Modulation of inflammasome activity by Porphyromonas gingivalis in periodontitis and associated systemic diseases

Abstract

Inflammasomes are large multiprotein complexes localized in the cytoplasm of the cell. They are responsible for the maturation of pro-inflammatory cytokines such as interleukin-1β (IL-1β) and IL-18 as well as for the activation of inflammatory cell death, the so-called pyroptosis. Inflammasomes assemble in response to cellular infection, cellular stress, or tissue damage; promote inflammatory responses and are of great importance in regulating the innate immune system in chronic inflammatory diseases such as periodontitis and several chronic systemic diseases. In addition to sensing cellular integrity, inflammasomes are involved in the homeostatic mutualism between the indigenous microbiota and the host.
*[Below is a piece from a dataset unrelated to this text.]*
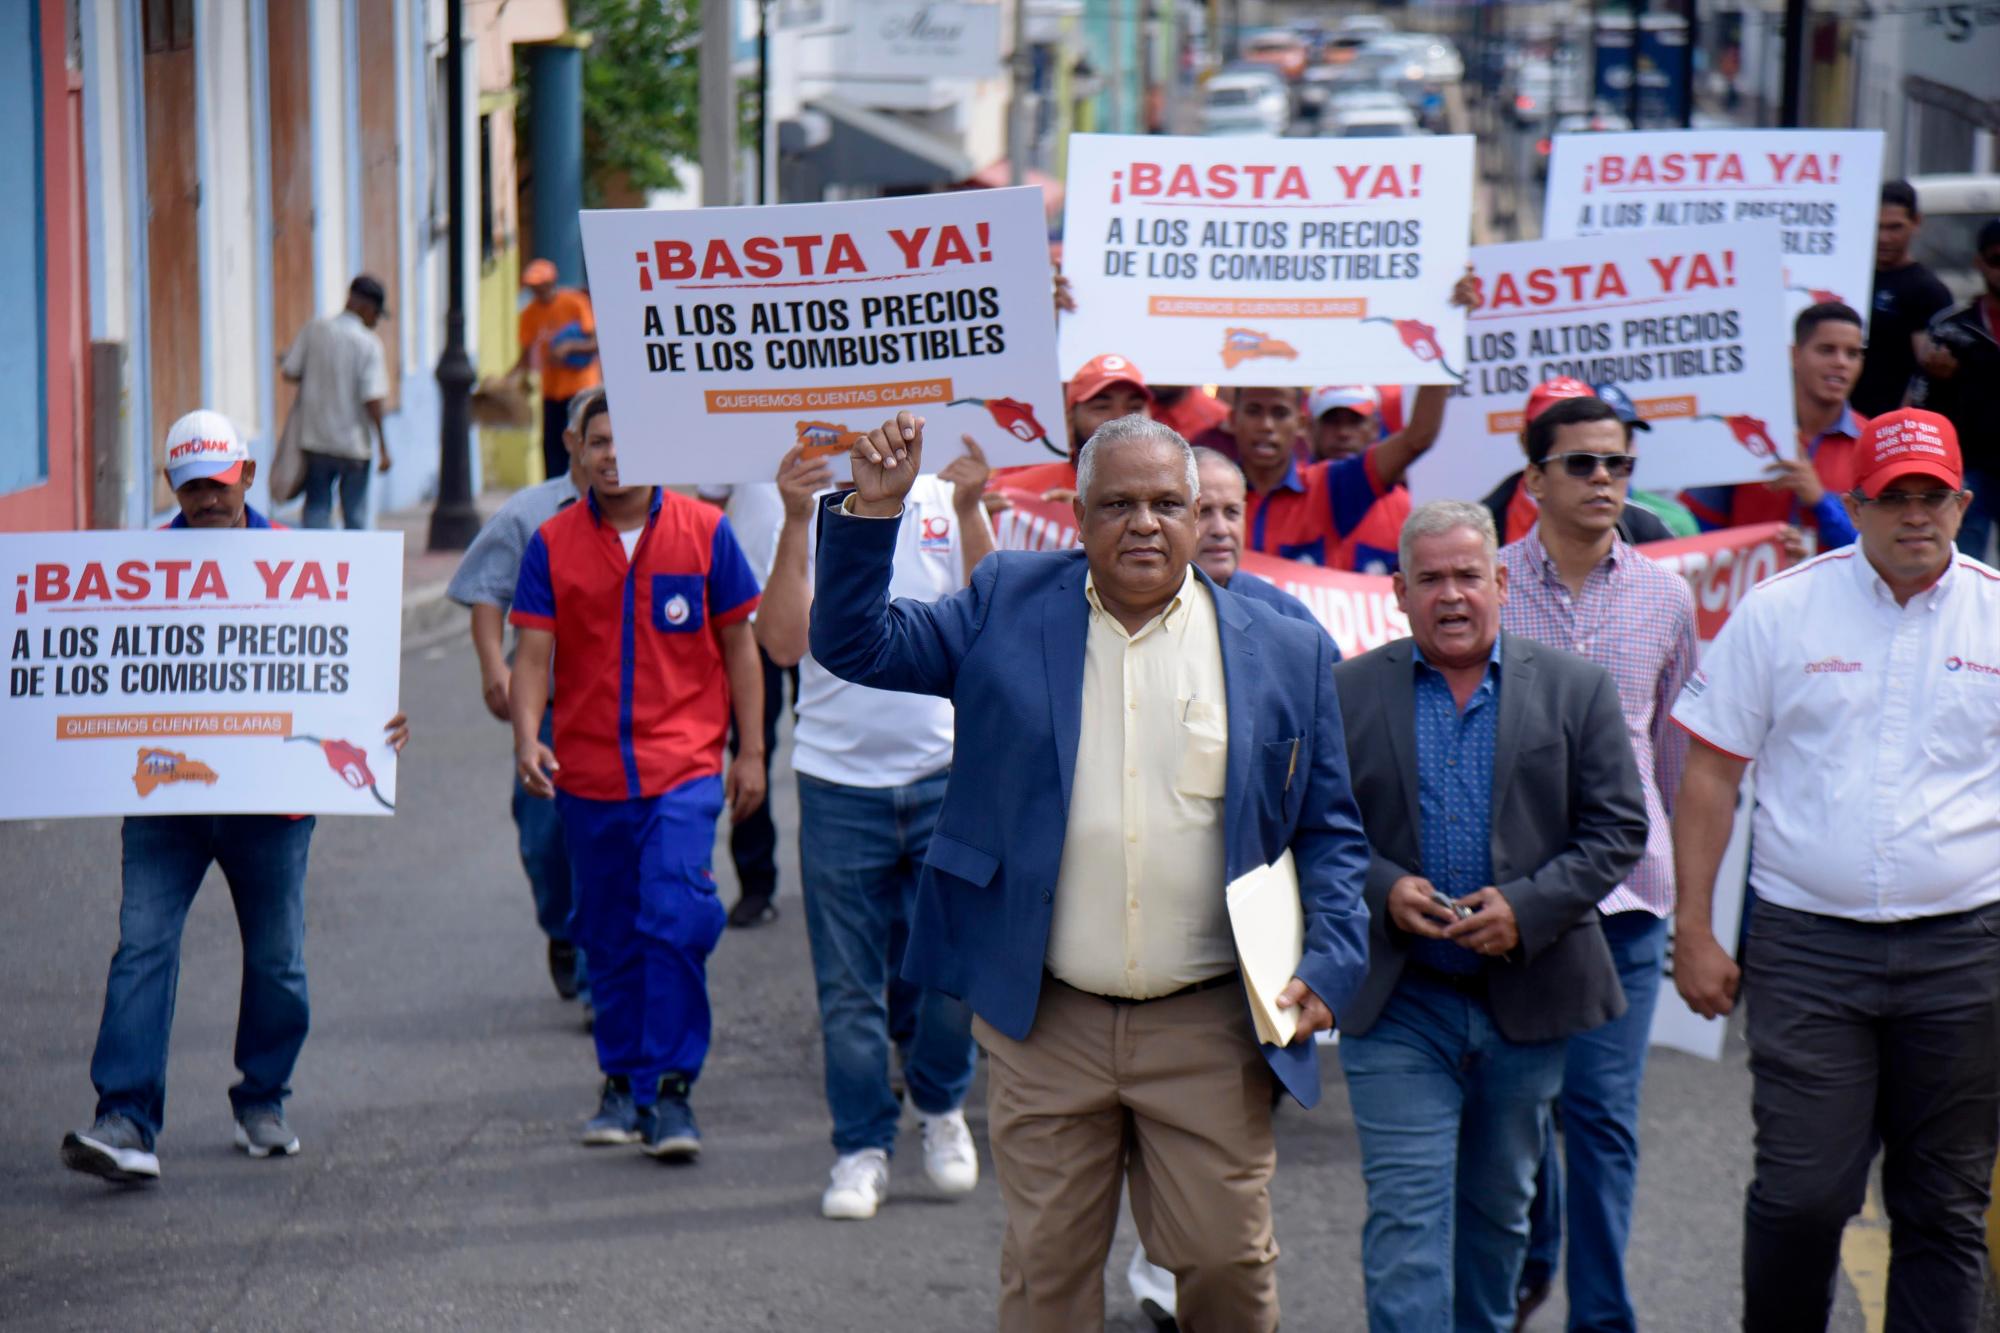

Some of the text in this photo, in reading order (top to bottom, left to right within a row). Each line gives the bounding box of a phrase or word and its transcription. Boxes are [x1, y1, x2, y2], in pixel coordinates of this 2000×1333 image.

There are several types of inflammasomes of which NLRP3 is best characterized in microbial pathogenesis. Many opportunistic bacteria try to evade the innate immune system in order to survive in the host cells. One of these is the periodontopathogen Porphyromonas gingivalis which has been shown to have several mechanisms of modulating innate immunity by limiting the activation of the NLRP3 inflammasome. Among them, ATP-/P2X7- signaling is recently associated not only with periodontitis but also with development of several systemic diseases. The present paper reviews multiple mechanisms through which P. gingivalis can modify innate immunity by affecting inflammasome activity.
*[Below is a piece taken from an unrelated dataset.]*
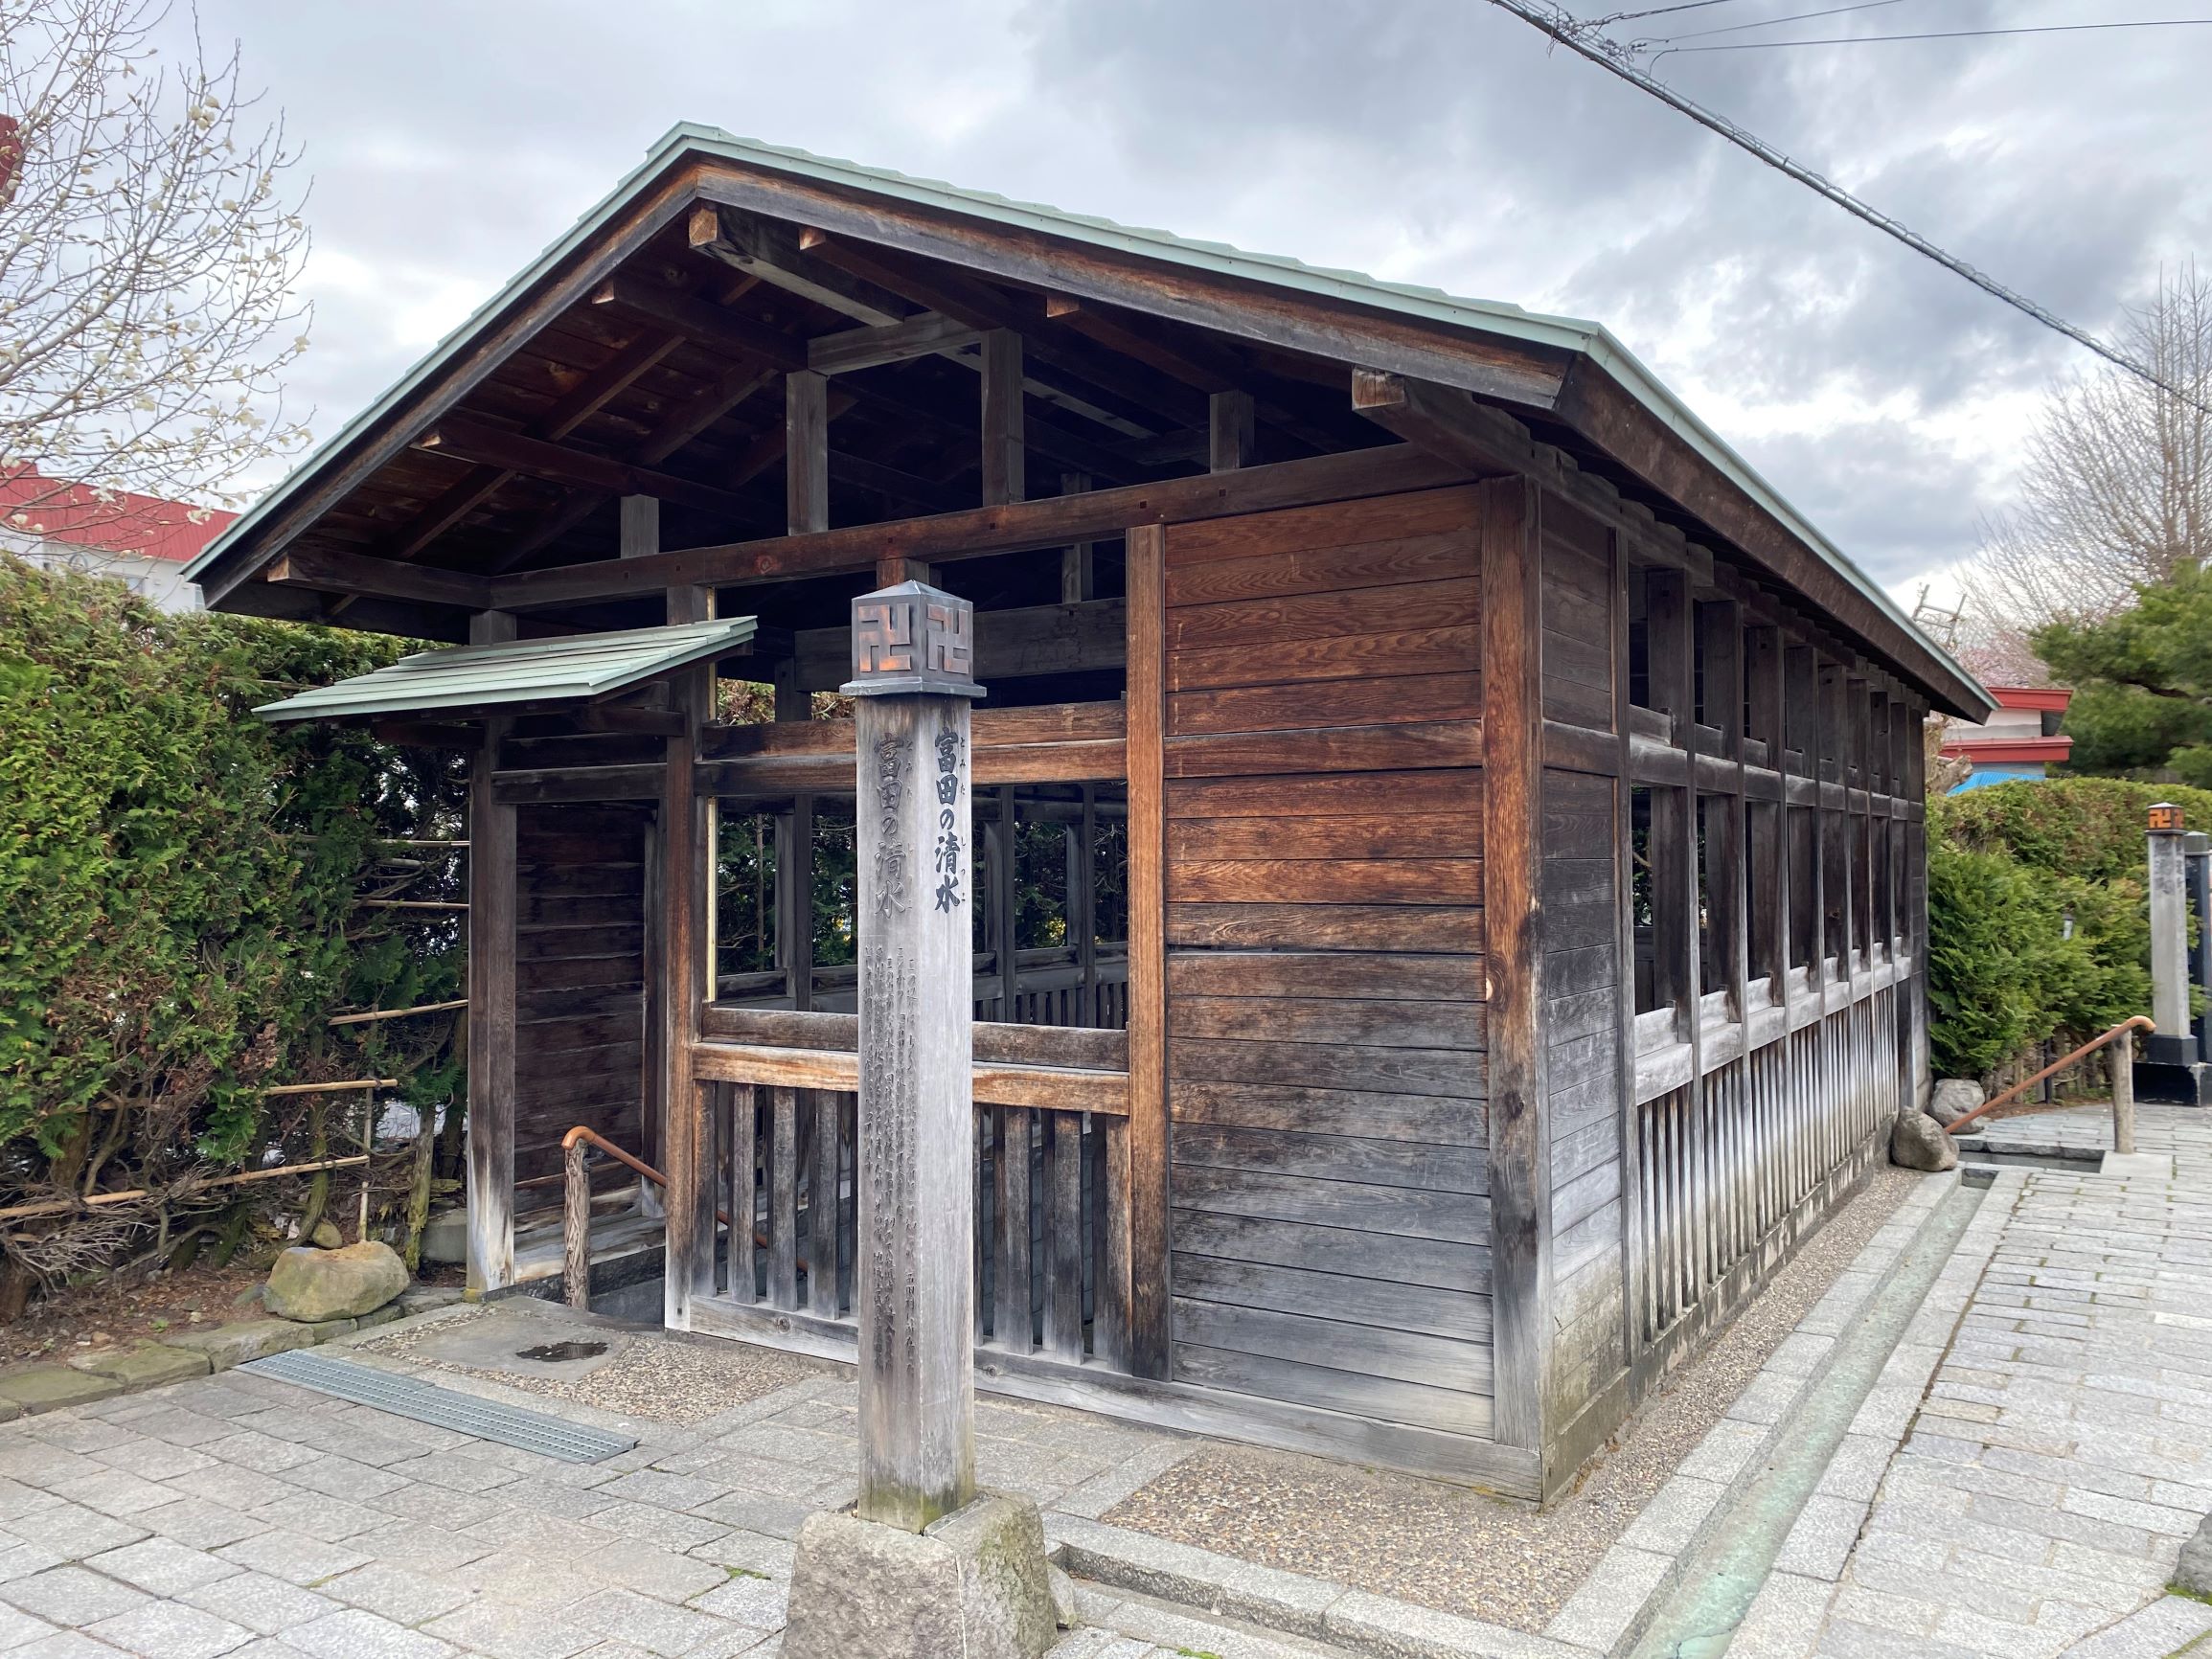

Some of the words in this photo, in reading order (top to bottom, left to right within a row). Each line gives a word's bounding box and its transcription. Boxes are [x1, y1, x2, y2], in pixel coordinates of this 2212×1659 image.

Keywords: Porphyromonas gingivalis; inflammasomes; inflammation; innate immunity; periodontitis; persistence; subversion; systemic diseases.

Fig. 1

Major inflammasomes with known stimulators. In NLPR1 muramyl dipeptide and Bacillus anthracis lethal toxin can directly cause caspase-5 processing. NLRC4 activation is mostly related to components of Gram-negative bacteria. In AIM2, double-stranded DNA (dsDNA) binds to the HIN200 domain and requires ASC for processing of caspase-1. Also, NLPR3 requires ASC and caspase-1. It is activated in response to both exogenous and endogenous danger signals. (From ref. 19 with permission.)

Fig. 2

Activation of the NLRP3 inflammasome as a two-step mechanism. Primary signals come from activation of toll-like receptors (TLRs) which are responsible for the upregulation of NLRP3 and pro-interleukin-1β (IL-1β) in an NF-κB-dependent manner. Secondary signals come from several pathways: K⁺ efflux via P2X₇ receptor activation via ATPe coupling, endoplasmic reticulum (ER) stress, mitochondrial dysfunction, NADPH oxidase, frustrated phagocytosis, and lysosomal rupture pathways. All these primary and secondary signals converge in the production of reactive oxygen species (ROS). (From ref. 19 with permission.)